Introduction

Improvement in patients’ activity level is a key objective of total joint arthroplasties. Efforts to accurately assess this activity in patients undergoing THA and TKA have generated numerous activity scales during the past three decades. A review of the psychometric properties of the existing scales concluded that the University of California, Los Angeles activity scale (UCLA) and the Lower Extremity Activity Scale (LEAS) stand out as the two most rigorously developed and valid activity scales in orthopaedics [24].

The UCLA score, which was developed in 1984, includes 10 statements that cover the range of activity states from being “wholly inactive, dependent on others, and cannot leave residence” to “regularly participate in impact sports” [1, 27]. The LEAS, which was developed in 2005, has a similar structure to the UCLA, but provides more options, including 18 statements that start with “I am confined to bed all day” to “I am up and about at will in my house and outside. I also participate in vigorous physical activity such as competitive level sports daily” [20]. Both scales require the respondent to select one statement that is most representative of their current activity. A low score on either scale means low levels of activity and as the score gets higher, it reflects more activity. However, the description of the activity levels is slightly different and, with eight more statements, the LEAS aimed to more accurately describe the activity level of the patient compared with the UCLA score.

The many similarities between these two scales provides an opportunity to create a crosswalk between them. A crosswalk is a concordance table that allows conversion of scores between scales [2, 9, 16, 17, 23, 25, 26]. These crosswalks are very helpful when comparing the results of different studies, and pooling those results for meta-analyses. They also facilitate combining datasets from multiple registries and data sources that may have used one activity scale or the other.

The UCLA and LEAS scales continue to be used in orthopaedics to assess patient activity [18]. We aimed to create a crosswalk between the UCLA scale and the LEAS for patients undergoing THA and TKA that estimates scores on one scale from scores on another, and vice versa. This crosswalk between the two scales will allow the clinical and research community to compare results across studies and registries, and pool data from multiple sources to conduct large-scale analyses.

Patients and Methods

We retrospectively studied all patients who had either a primary THA or TKA performed by three senior surgeons (MP, DP, GW), and were enrolled in the two total joint arthroplasty registries at the Hospital for Special Surgery between May 2007 and December 2011. The first registry, CORRe, was established in 2003 by a group of arthroplasty surgeons at the Hospital for Special Surgery and is focused primarily on documenting intraoperative factors and device use [21]. This ongoing registry collects the UCLA score on patients at baseline and 2 years after surgery. The second registry (Legacy) was a federally funded registry at the Hospital for Special Surgery that was focused primarily on long-term patient-reported outcomes of joint arthroplasty [3, 7, 8]. This registry collected the LEAS scores on patients at baseline and at 2 years followup. Recruitment for this registry spanned 2007 to 2011, while followup continues. The activity scales were self-administered by patients in both registries. If patients had more than one TKA or THA during the study period, only the UCLA and LEAS scores for the first surgery were included.

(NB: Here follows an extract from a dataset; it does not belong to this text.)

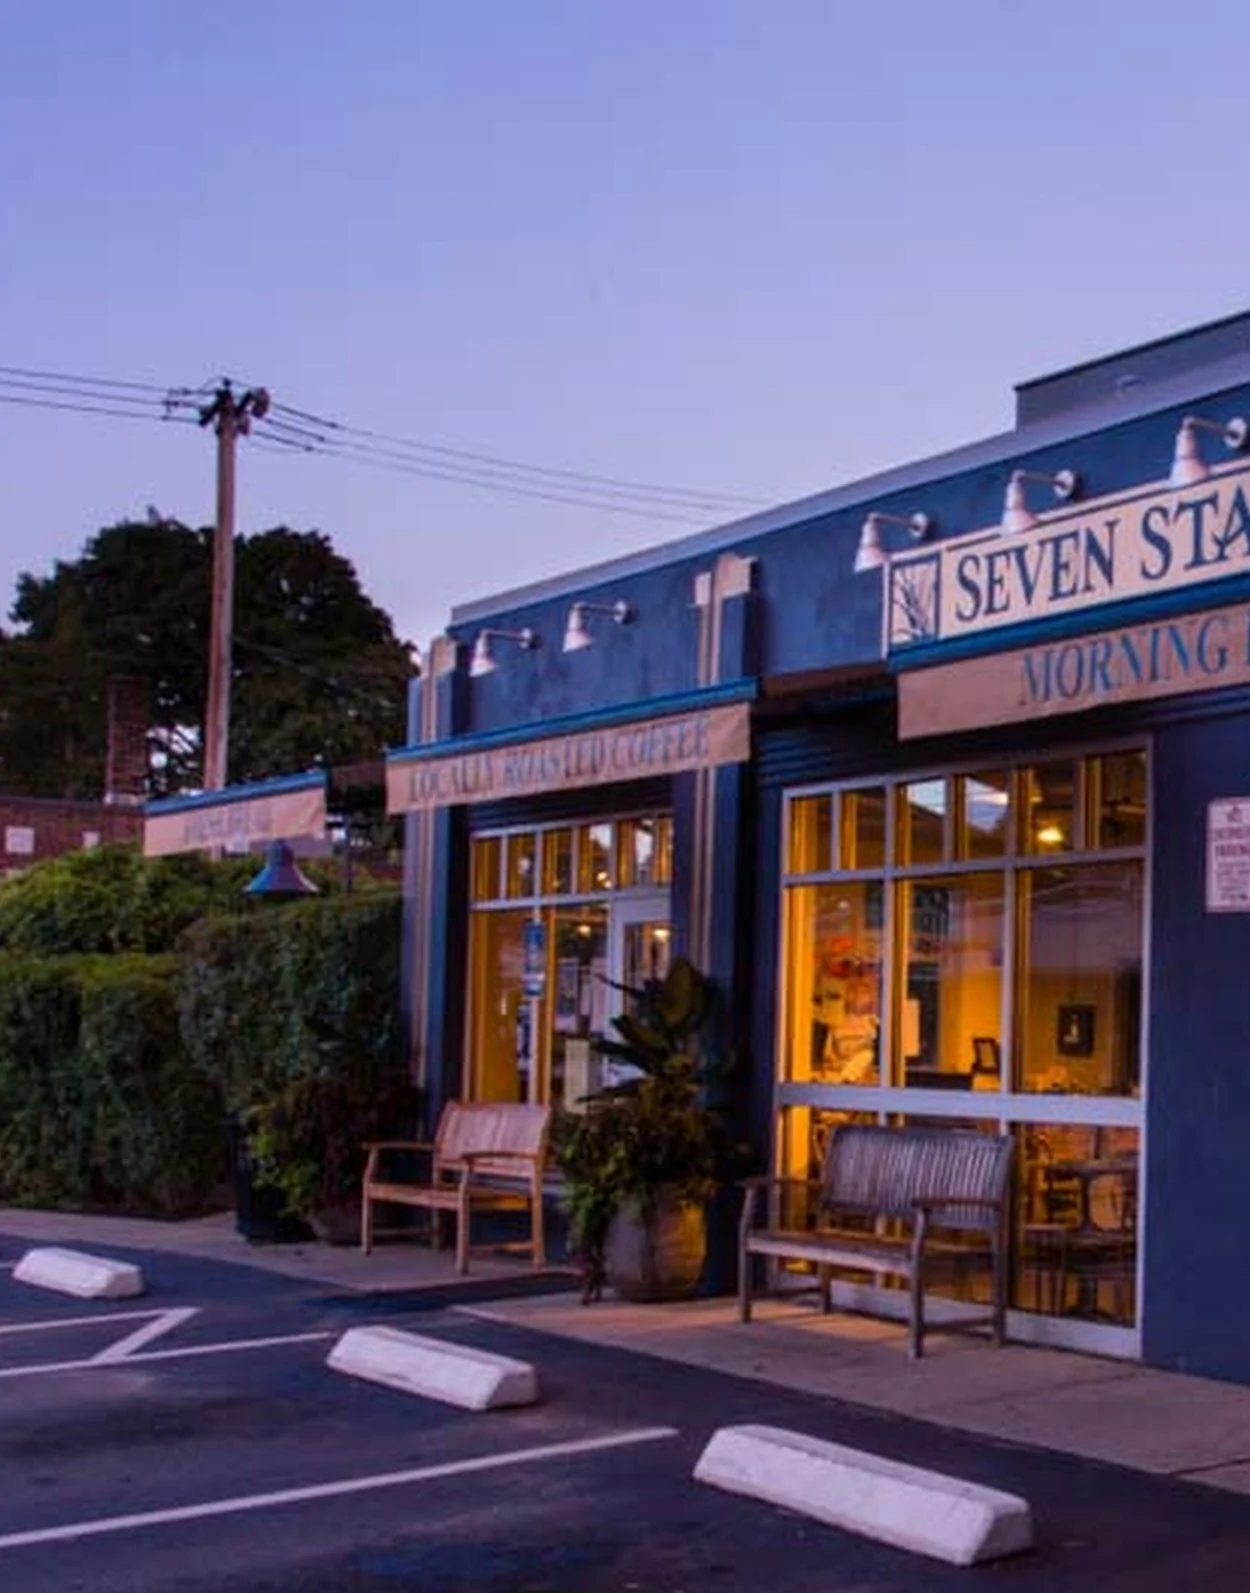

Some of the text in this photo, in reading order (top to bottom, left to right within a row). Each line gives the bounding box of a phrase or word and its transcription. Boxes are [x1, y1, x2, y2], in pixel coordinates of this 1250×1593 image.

[956, 519, 1120, 622] SEVEN
[1020, 616, 1228, 706] MORNING
[612, 716, 710, 773] COFFEE

During the study period, the three participating surgeons performed a total of 1163 primary TKAs and 1191 THAs. For TKAs, 56% participated in the CORRe and the Legacy registries (n = 647). For THAs, 66% participated in the CORRe and the Legacy registries (n = 784). Of those, 56% who had TKAs (n = 364) and 51% who had THAs (n = 403) completed the preoperative UCLA and preoperative LEAS surveys. No differences were found in age (67 versus 68 years for TKA and 65 versus 66 years for THA), gender (69% versus 68% female for TKA and 59% versus 58% female for THA), BMI (31 kg/m2 for TKA and 28 kg/m2 for THA), Charlson-Deyo comorbidity index (30% versus 36% greater than one for TKA and 29% versus 27% greater than one for THA) between patients who completed the baseline surveys and those who did not.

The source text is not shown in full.